I’m sitting on the couch in the bunkroom, looking at my boots. They’re untied. The room is dark, except for the orange glow of the gas heaters on the walls and the night-light by the station’s radio. I hear one of the bunks creak. I look over and see Bob flopping into the lower bunk, burrowing in and pulling the blanket over his head.
“What just happened?”
“What do you mean, what just happened?”
“Did we get a run?”
“What do you mean, did we get a run?”
“Um, I mean, do we have a run or did we go on a run?”
“Are you stupid? Did you hit your head? I’m too tired for this crap. Shut up and go to bed.”
“No, I mean it. Did we get a run?”
At this point Bob throws the blanket off, swings his legs to the floor and sits up.
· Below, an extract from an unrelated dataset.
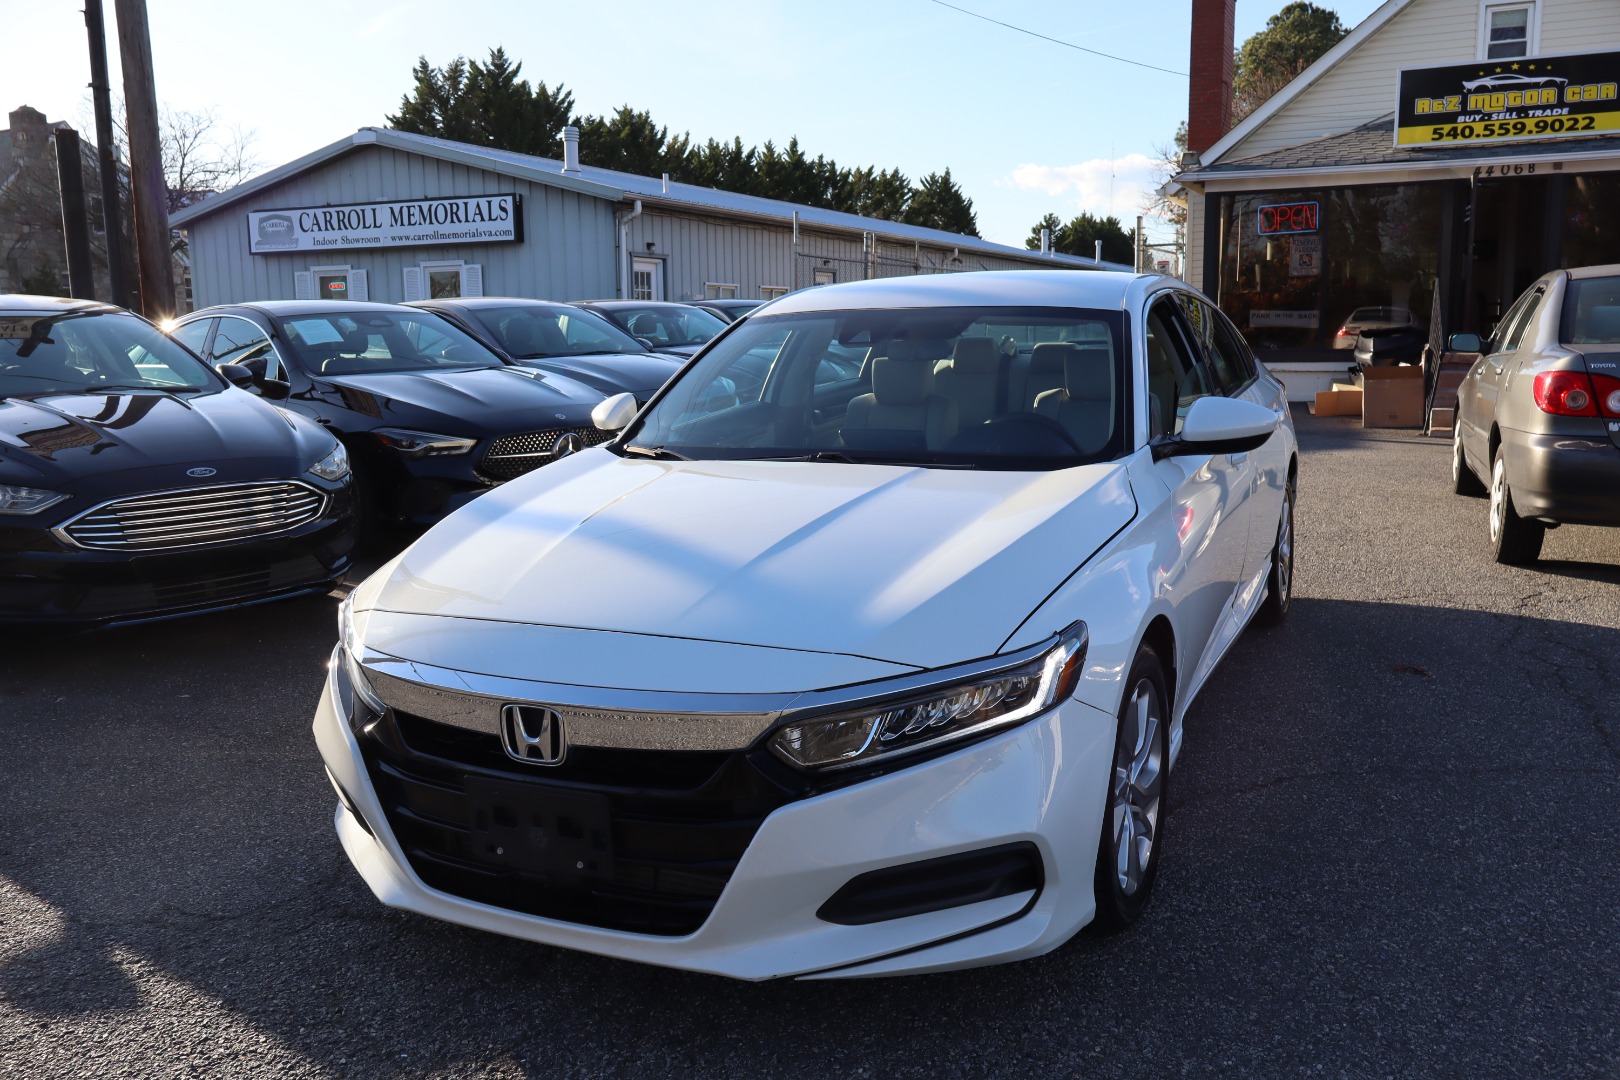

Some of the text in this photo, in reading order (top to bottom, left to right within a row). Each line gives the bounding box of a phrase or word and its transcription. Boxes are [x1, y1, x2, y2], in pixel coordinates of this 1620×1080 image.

“You’re kidding me, right?”
“Um, no, I’m not sure.”
“5th and Middle? Unconscious call? No patient?”
“Oh, oh yeah, right.” I had no idea what he was talking about. Oh well. We went back to bed.
I’m driving the rig. The lights are flashing. The siren is wailing.
“Where are we going?” I ask Tony.
“Yeah, I forgot the address.”
“Vermillion Manor,” he says.
I drive a little while longer. I take a sip of coffee from the travel mug I always fill and put in the rig before I go to bed. Hey, every little bit helps.
“What’s the call?”
“Chest pain, shortness of breath. Are you OK?”
“Yeah, fine, sure.”
Crap. The lights in the station come on. I turn over and put the pillow over my head. Mike yells, “Rise and shine sleepy heads!”
I smell the coffee. Well, at least there’s that.
“Hey Tony, I feel like crap even though we didn’t catch any runs last night.”
“Yeah, except for that cluster at Vermillion Manor at about three.”
“Oh, yeah, that,” I said, but really didn’t know what he was talking about.
“What’s wrong with you?” my wife asks.
“Nothing, I’m fine, why?”
“’Cuz you’re acting like you have PMS.”
“Oh, just a little grumpy maybe.”
“Or maybe a little PAS (post-ambulance syndrome).”
“Thought you didn’t have any runs last night.”
“No, we didn’t, but, you know, it’s not the same.”
“You have got to find away to get out of those 24-hour shifts. It’s not one day on and two days off—it’s one day on and two days off your rocker.”
“Yeah, I know.”
“Food’s on the table,” John yells through the intercom.
We all file in, grab a seat, start loading up our plates with a healthy assortment of eggs, bacon, sausage, biscuits and gravy.
“Where’s Johnny today?”
“Don’t know” I answer. “They call, and I come.”
“You here for the 12 or the 24?”
“Actually, the 18. I’m here ’til 1 a.m.”
“Who’s coming in at one?”
“Don’t know,” I answer.
“So that’s weird, why you leaving at one?”
“Preserve my marriage,” I answer. “And my sanity. Twenty-fours mess me up for two days after. And I pity the poor patient who actually requires medical treatment at 3 a.m. and hopes to get it from me. I’m lucky, if I can get my boots on the right feet.”
“I hear ya. Must be nice.”
“Man’s gotta do what a man’s gotta do. Besides, since they took away the night shift differential, it’s not such a big hit to the wallet.”
“So you guys’ house duties are mopping the floors and the bathrooms.”
“Got it, Captain. What’s for dinner?”